++++ INFORMATION GIVEN ++++
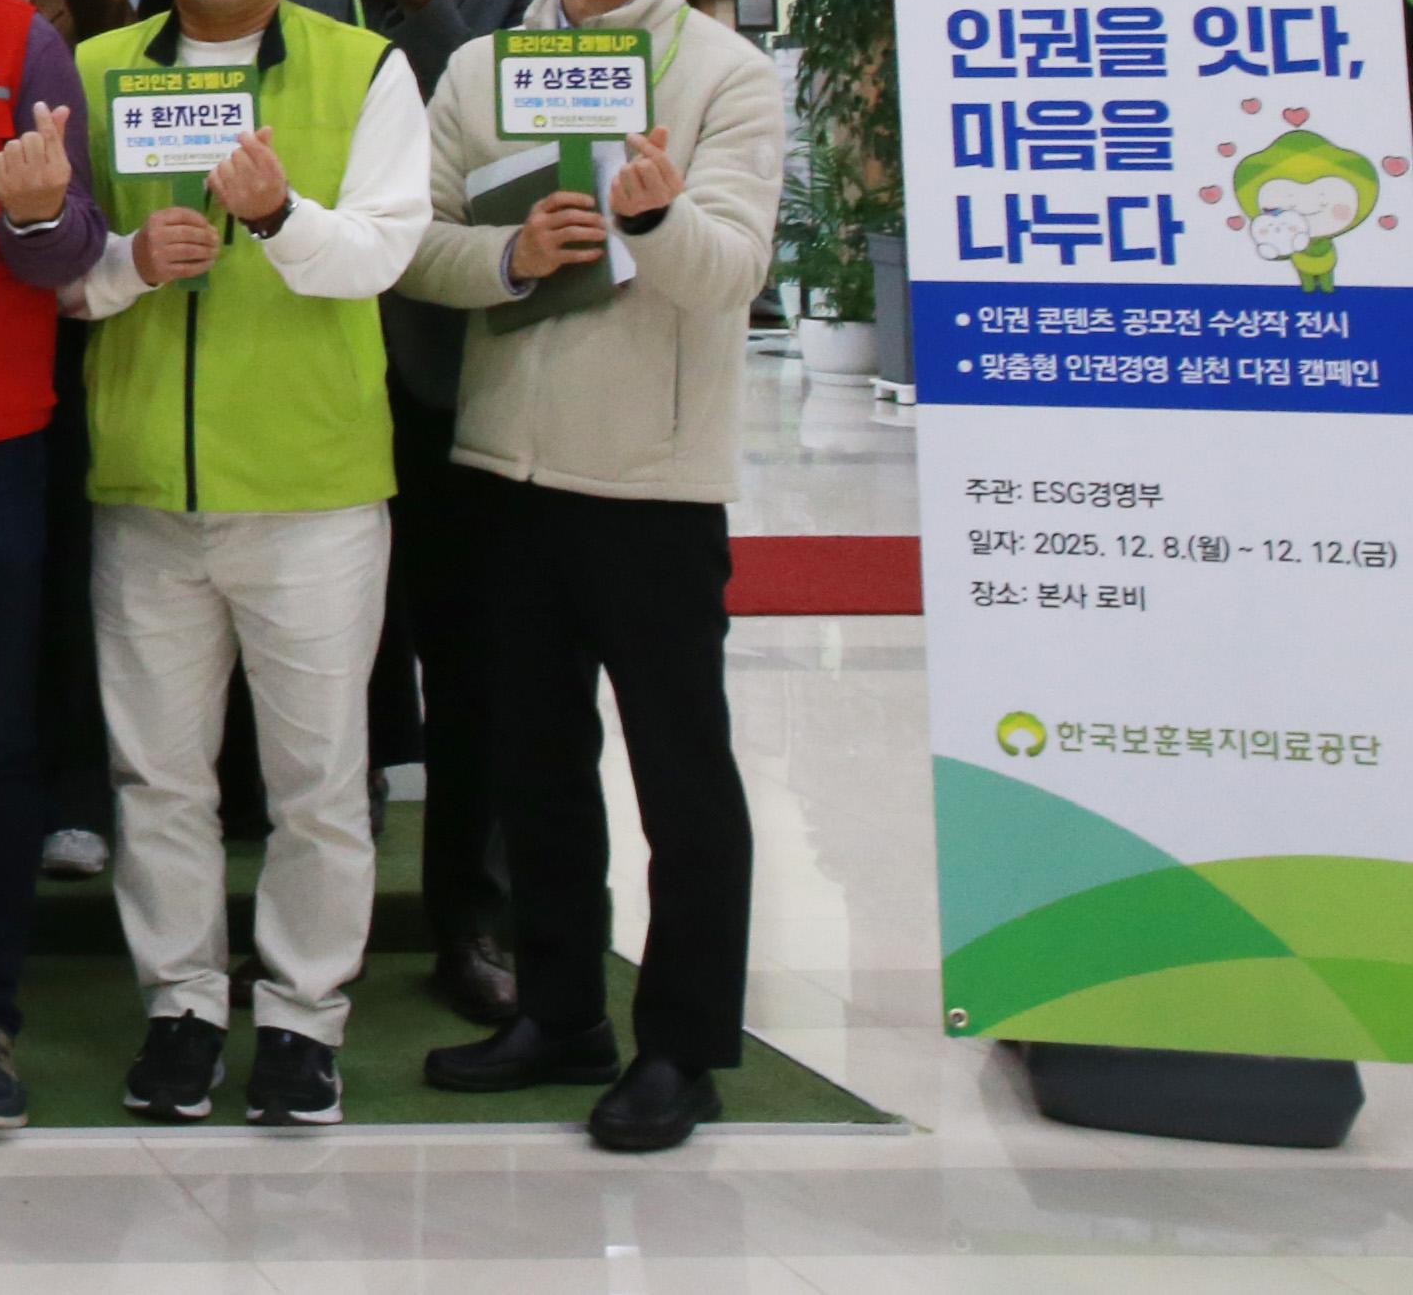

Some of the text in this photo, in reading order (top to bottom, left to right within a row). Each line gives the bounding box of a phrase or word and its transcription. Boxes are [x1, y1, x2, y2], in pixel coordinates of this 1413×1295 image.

[946, 5, 1364, 80] 인권을 잇다,
[514, 67, 632, 90] # 상호존중
[125, 103, 242, 129] # 환자인권
[951, 99, 1174, 171] 마음을
[957, 194, 1185, 265] 나누다
[978, 306, 1350, 339] 인권 콘텐츠 공모전 수상작 전시
[980, 353, 1380, 389] 맞춤형 인권경영 실천 다짐 캠페인
[965, 479, 1164, 508] 주관: ESG경영부
[968, 530, 1025, 556] 일자:
[1034, 533, 1106, 557] 2025.
[1117, 536, 1154, 558] 12.
[1263, 539, 1302, 563] 12.
[971, 581, 1146, 611] 장소: 본사 로비
[1056, 720, 1382, 766] 한국보훈복지의료공단
++++
YOUR ASSIGNMENT
Copy out each record word for word and omit any pictures.

TASK OUTPUT
Some of the text in this photo, in reading order (top to bottom, left to right within a row). Each line gives the bounding box of a phrase or word and its transcription. Boxes are [x1, y1, x2, y2], in pixel coordinates of this 1413×1295 image.

[946, 5, 1364, 80] 인권을 잇다,
[514, 67, 632, 90] # 상호존중
[125, 103, 242, 129] # 환자인권
[951, 99, 1174, 171] 마음을
[957, 194, 1185, 265] 나누다
[978, 306, 1350, 339] 인권 콘텐츠 공모전 수상작 전시
[980, 353, 1380, 389] 맞춤형 인권경영 실천 다짐 캠페인
[965, 479, 1164, 508] 주관: ESG경영부
[968, 530, 1025, 556] 일자:
[1034, 533, 1106, 557] 2025.
[1117, 536, 1154, 558] 12.
[1263, 539, 1302, 563] 12.
[971, 581, 1146, 611] 장소: 본사 로비
[1056, 720, 1382, 766] 한국보훈복지의료공단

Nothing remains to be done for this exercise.